Stored entries
————————

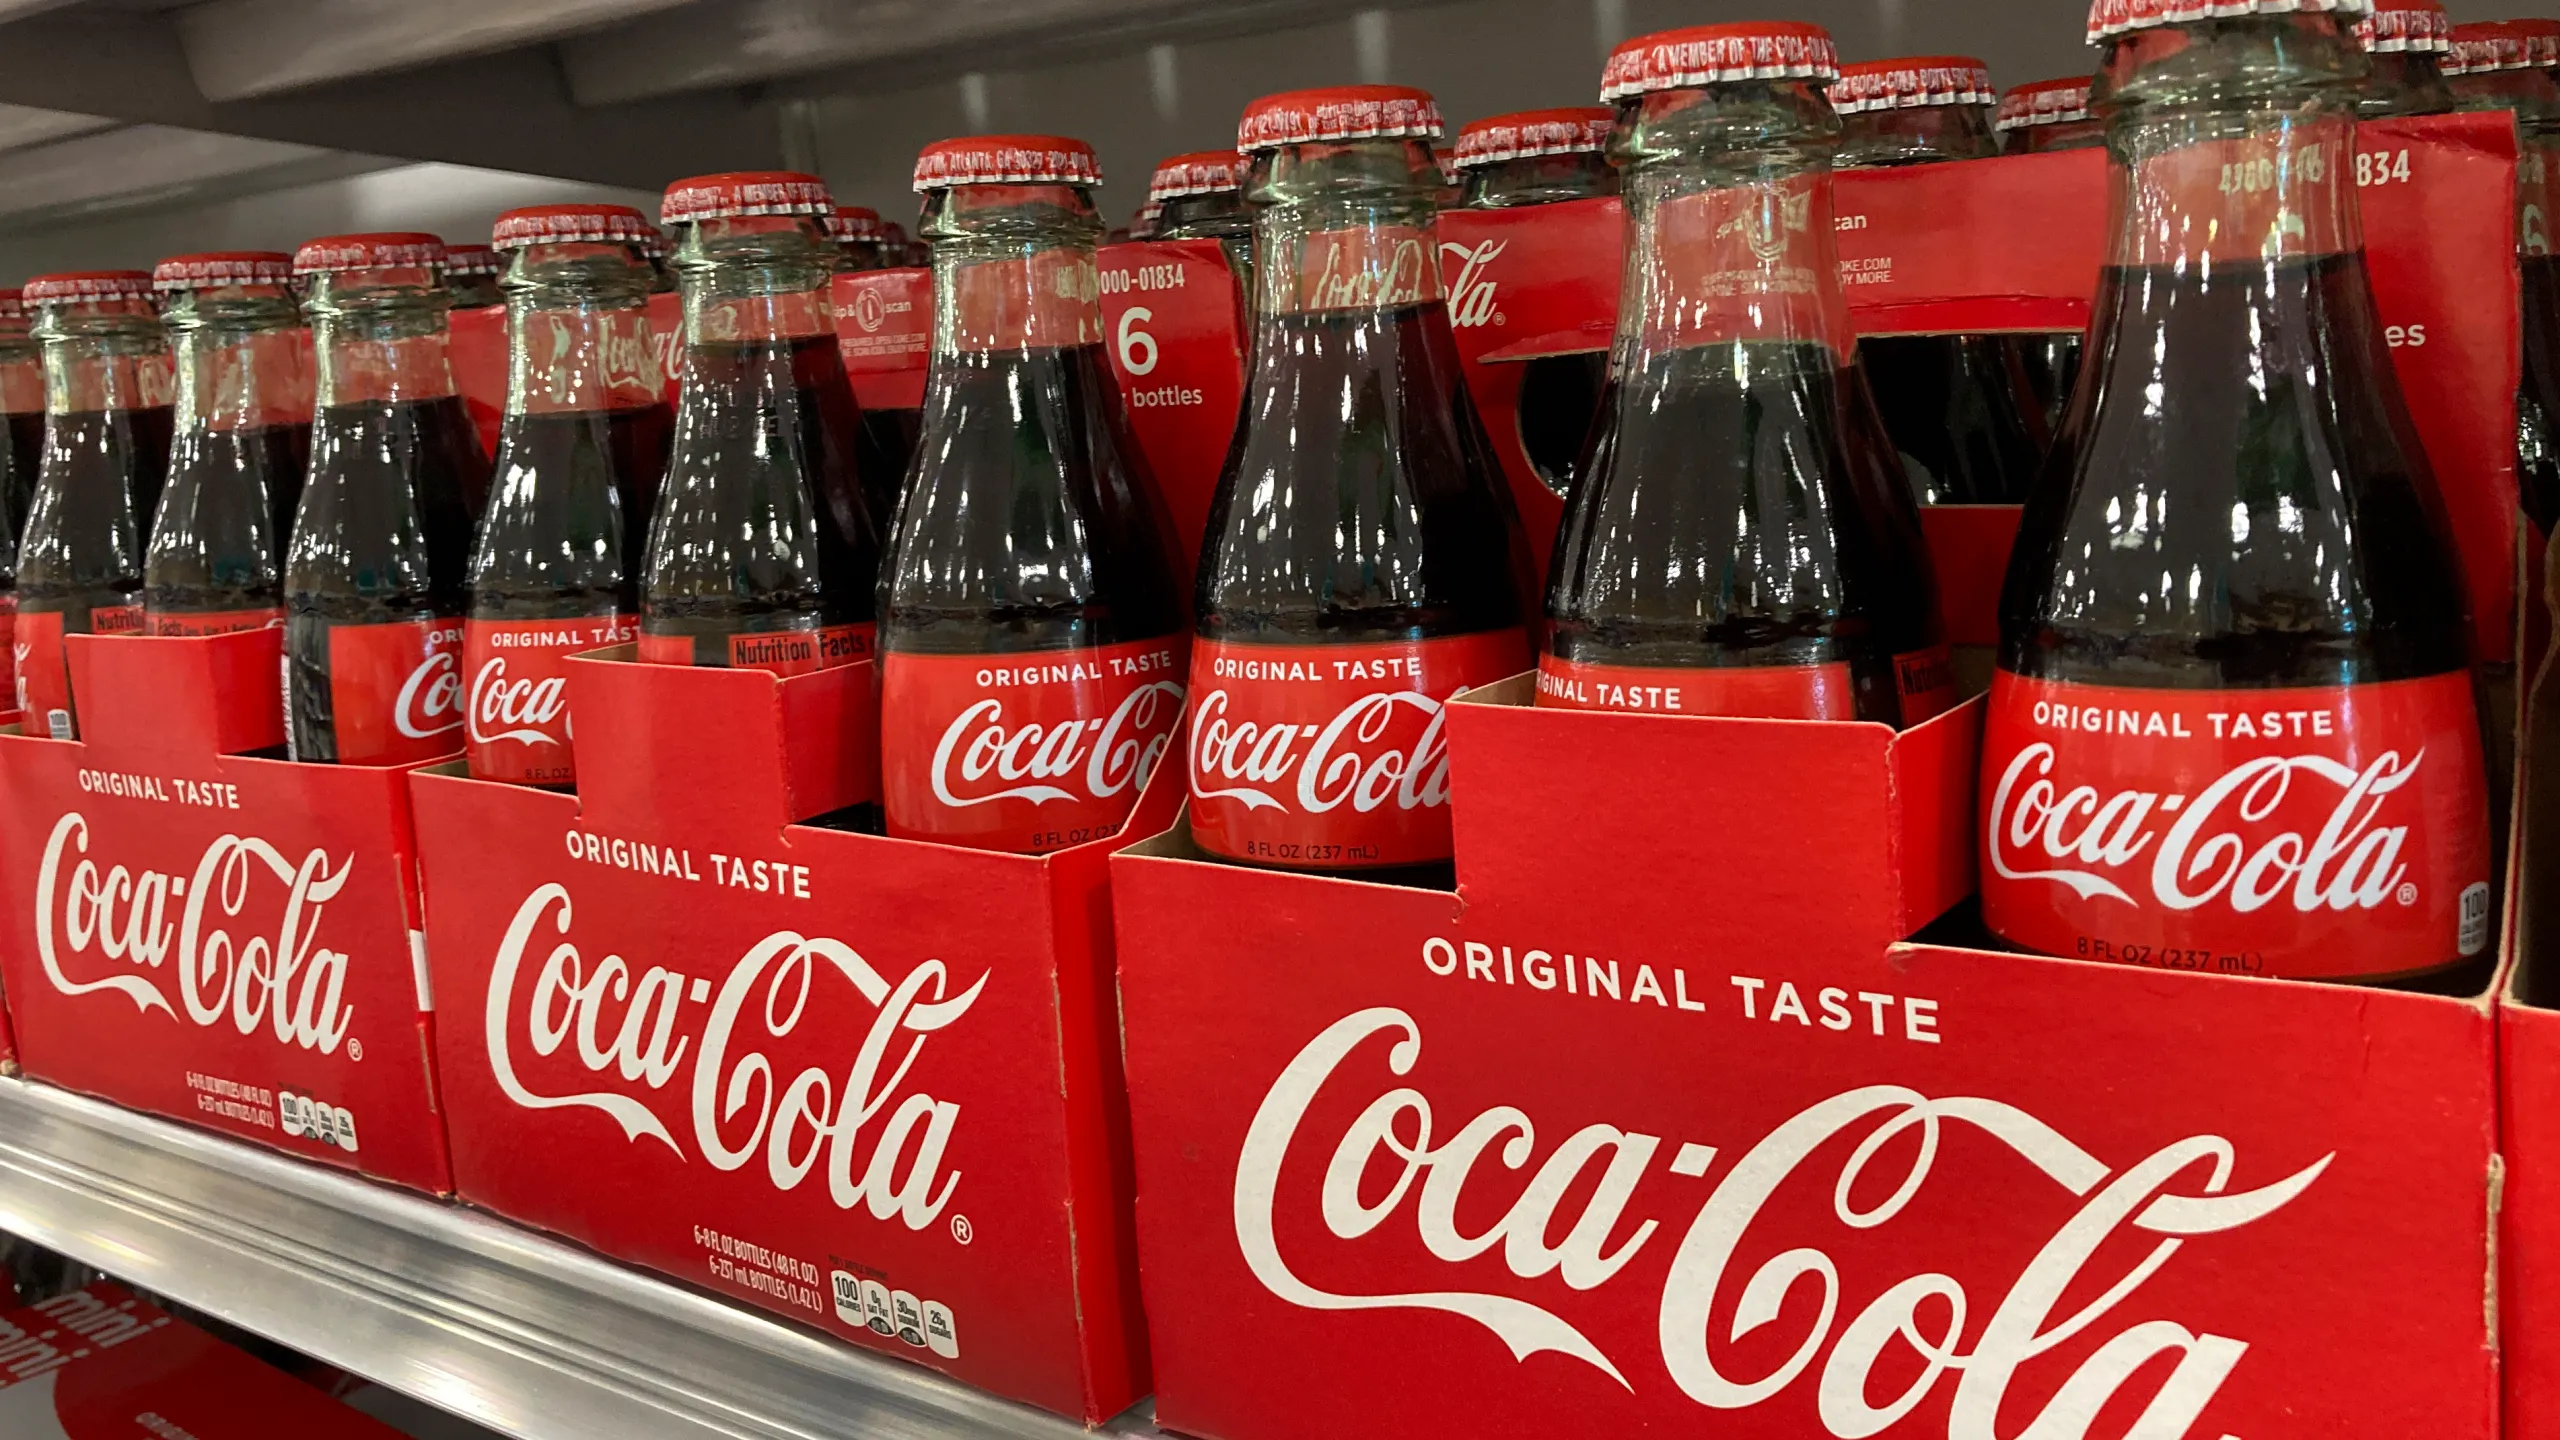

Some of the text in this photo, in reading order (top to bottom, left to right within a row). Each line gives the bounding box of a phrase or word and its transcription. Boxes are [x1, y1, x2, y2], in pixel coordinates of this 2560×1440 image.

[1669, 38, 1725, 68] MEMBER
[1729, 37, 1745, 64] OF
[1750, 36, 1771, 61] THE
[1855, 271, 1894, 284] MORE.
[832, 305, 847, 320] ip
[885, 301, 912, 313] scan
[1117, 306, 1158, 376] 6
[1132, 385, 1203, 407] bottles
[492, 625, 641, 647] ORIGINAL TAST
[736, 631, 865, 665] Nutrition Facts
[976, 650, 1171, 687] ORIGINAL TASTE
[1213, 656, 1422, 682] ORIGINAL TASTE
[1536, 669, 1681, 709] RIGINAL TASTE
[2033, 701, 2334, 738] ORIGINAL TASTE
[931, 681, 1188, 808] Coca-Co
[79, 768, 240, 809] ORIGINAL TASTE
[534, 769, 550, 780] FL
[553, 768, 570, 780] OZ
[1033, 824, 1121, 847] 8 FL OZ (23
[1989, 742, 2426, 913] Coca-Cola
[566, 830, 811, 899] ORIGINAL TASTE
[1247, 840, 1379, 860] 8 FL OZ (237 mL)
[36, 812, 354, 1054] Coca-Cola
[2076, 936, 2263, 972] 8 FL OZ (237 mL)
[1422, 936, 1941, 1044] ORIGINAL TASTE
[486, 882, 991, 1230] Coca-Cola
[1233, 1006, 2336, 1440] Coca-Cola
[694, 1225, 819, 1287] 6-8 FL OZ BOTTLES (48 FL OZ)
[735, 1267, 750, 1287] mL
[750, 1270, 788, 1300] BOTTLES
[835, 1276, 858, 1301] 100
[32, 1291, 171, 1349] mini
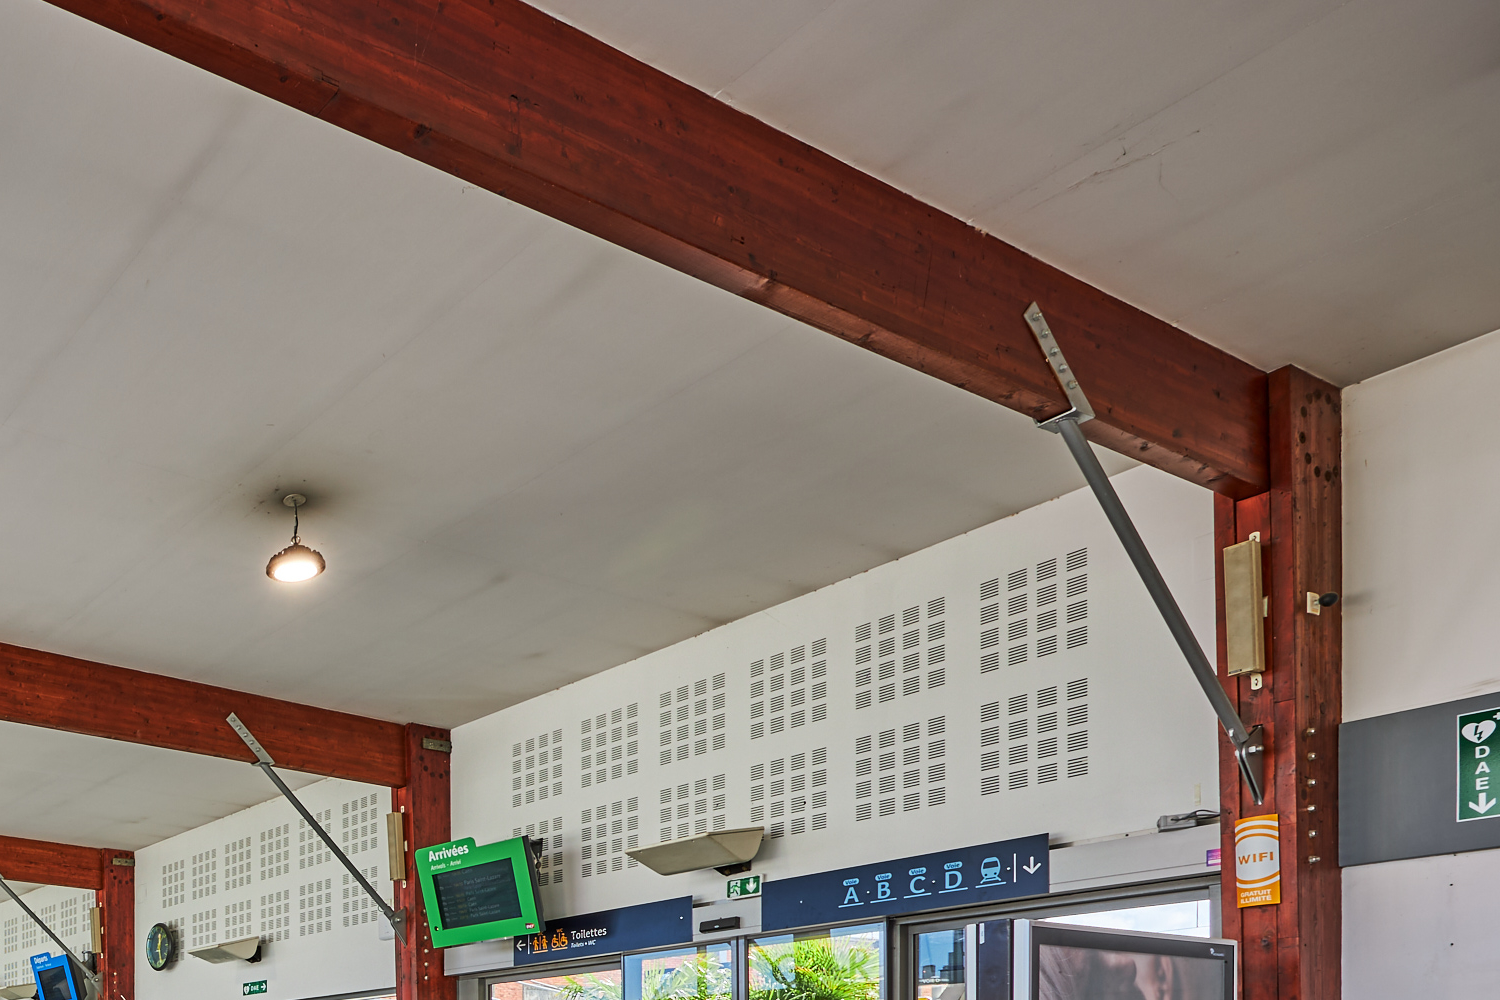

————————

**Work required:**
In your copy, repeat each record exactly and include no pictures.

**Reply to the task:**
Some of the text in this photo, in reading order (top to bottom, left to right within a row). Each line gives the bounding box of a phrase or word and its transcription. Boxes are [x1, y1, x2, y2], in pixel coordinates of this 2560×1440 image.

[1669, 38, 1725, 68] MEMBER
[1729, 37, 1745, 64] OF
[1750, 36, 1771, 61] THE
[1855, 271, 1894, 284] MORE.
[832, 305, 847, 320] ip
[885, 301, 912, 313] scan
[1117, 306, 1158, 376] 6
[1132, 385, 1203, 407] bottles
[492, 625, 641, 647] ORIGINAL TAST
[736, 631, 865, 665] Nutrition Facts
[976, 650, 1171, 687] ORIGINAL TASTE
[1213, 656, 1422, 682] ORIGINAL TASTE
[1536, 669, 1681, 709] RIGINAL TASTE
[2033, 701, 2334, 738] ORIGINAL TASTE
[931, 681, 1188, 808] Coca-Co
[79, 768, 240, 809] ORIGINAL TASTE
[534, 769, 550, 780] FL
[553, 768, 570, 780] OZ
[1033, 824, 1121, 847] 8 FL OZ (23
[1989, 742, 2426, 913] Coca-Cola
[566, 830, 811, 899] ORIGINAL TASTE
[1247, 840, 1379, 860] 8 FL OZ (237 mL)
[36, 812, 354, 1054] Coca-Cola
[2076, 936, 2263, 972] 8 FL OZ (237 mL)
[1422, 936, 1941, 1044] ORIGINAL TASTE
[486, 882, 991, 1230] Coca-Cola
[1233, 1006, 2336, 1440] Coca-Cola
[694, 1225, 819, 1287] 6-8 FL OZ BOTTLES (48 FL OZ)
[735, 1267, 750, 1287] mL
[750, 1270, 788, 1300] BOTTLES
[835, 1276, 858, 1301] 100
[32, 1291, 171, 1349] mini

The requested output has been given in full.